Records from a dataset:
####################

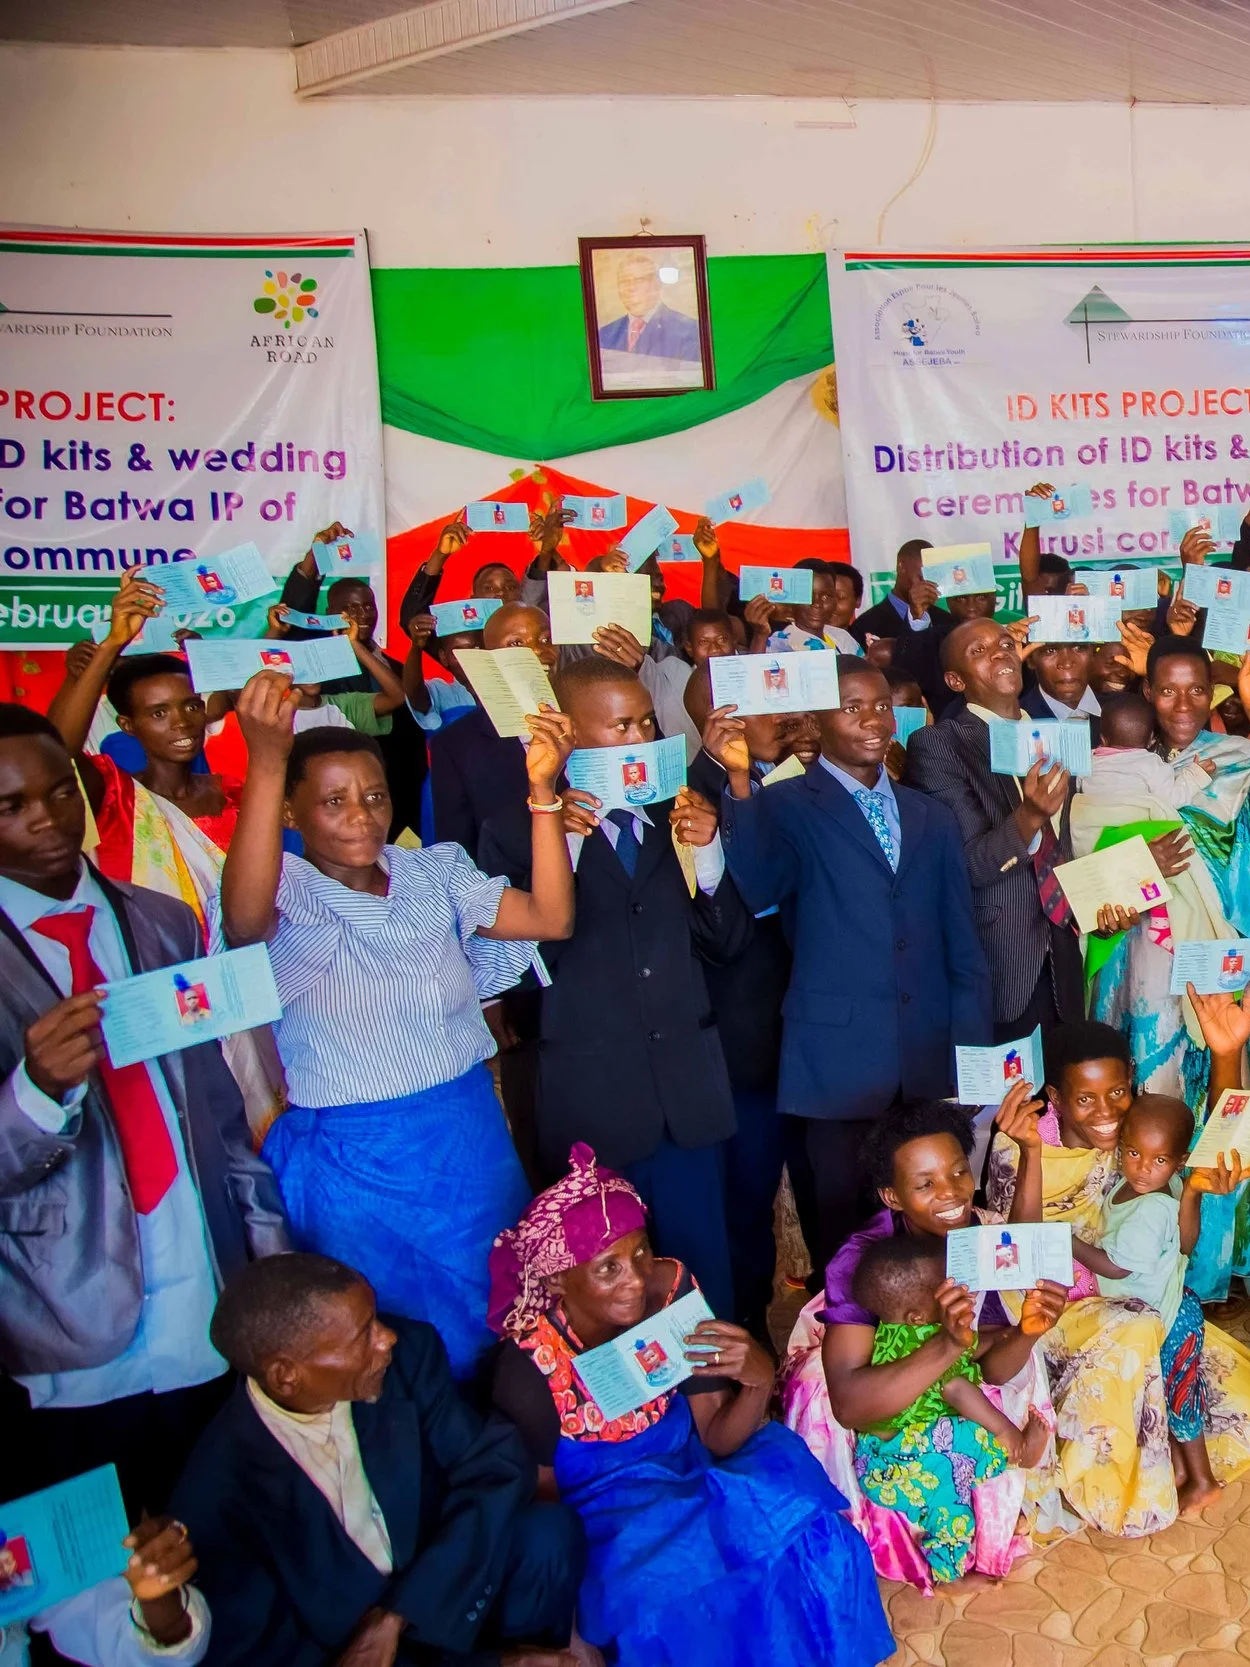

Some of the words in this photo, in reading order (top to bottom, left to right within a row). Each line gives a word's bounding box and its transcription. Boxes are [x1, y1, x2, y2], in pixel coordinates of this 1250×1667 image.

[250, 335, 335, 348] AFRICAN
[267, 350, 319, 363] ROAD
[1007, 394, 1038, 421] ID
[1050, 392, 1111, 420] KITS
[43, 439, 112, 471] kits
[128, 442, 154, 472] &
[168, 441, 347, 481] wedding
[874, 440, 1065, 473] Distribution
[1077, 437, 1109, 465] of
[1121, 436, 1152, 463] ID
[1165, 434, 1218, 462] kits
[1229, 434, 1250, 459] &
[0, 488, 48, 520] or
[64, 490, 195, 521] Batwa
[210, 491, 244, 521] IP
[259, 491, 297, 522] of
[1127, 480, 1171, 508] for
[1003, 526, 1104, 559] Krusi

####################

- **ASSIGNMENT**
Pictures aside, reproduce every record exactly as it stands.

- **EXPECTED OUTPUT**
Some of the words in this photo, in reading order (top to bottom, left to right within a row). Each line gives a word's bounding box and its transcription. Boxes are [x1, y1, x2, y2], in pixel coordinates of this 1250×1667 image.

[250, 335, 335, 348] AFRICAN
[267, 350, 319, 363] ROAD
[1007, 394, 1038, 421] ID
[1050, 392, 1111, 420] KITS
[43, 439, 112, 471] kits
[128, 442, 154, 472] &
[168, 441, 347, 481] wedding
[874, 440, 1065, 473] Distribution
[1077, 437, 1109, 465] of
[1121, 436, 1152, 463] ID
[1165, 434, 1218, 462] kits
[1229, 434, 1250, 459] &
[0, 488, 48, 520] or
[64, 490, 195, 521] Batwa
[210, 491, 244, 521] IP
[259, 491, 297, 522] of
[1127, 480, 1171, 508] for
[1003, 526, 1104, 559] Krusi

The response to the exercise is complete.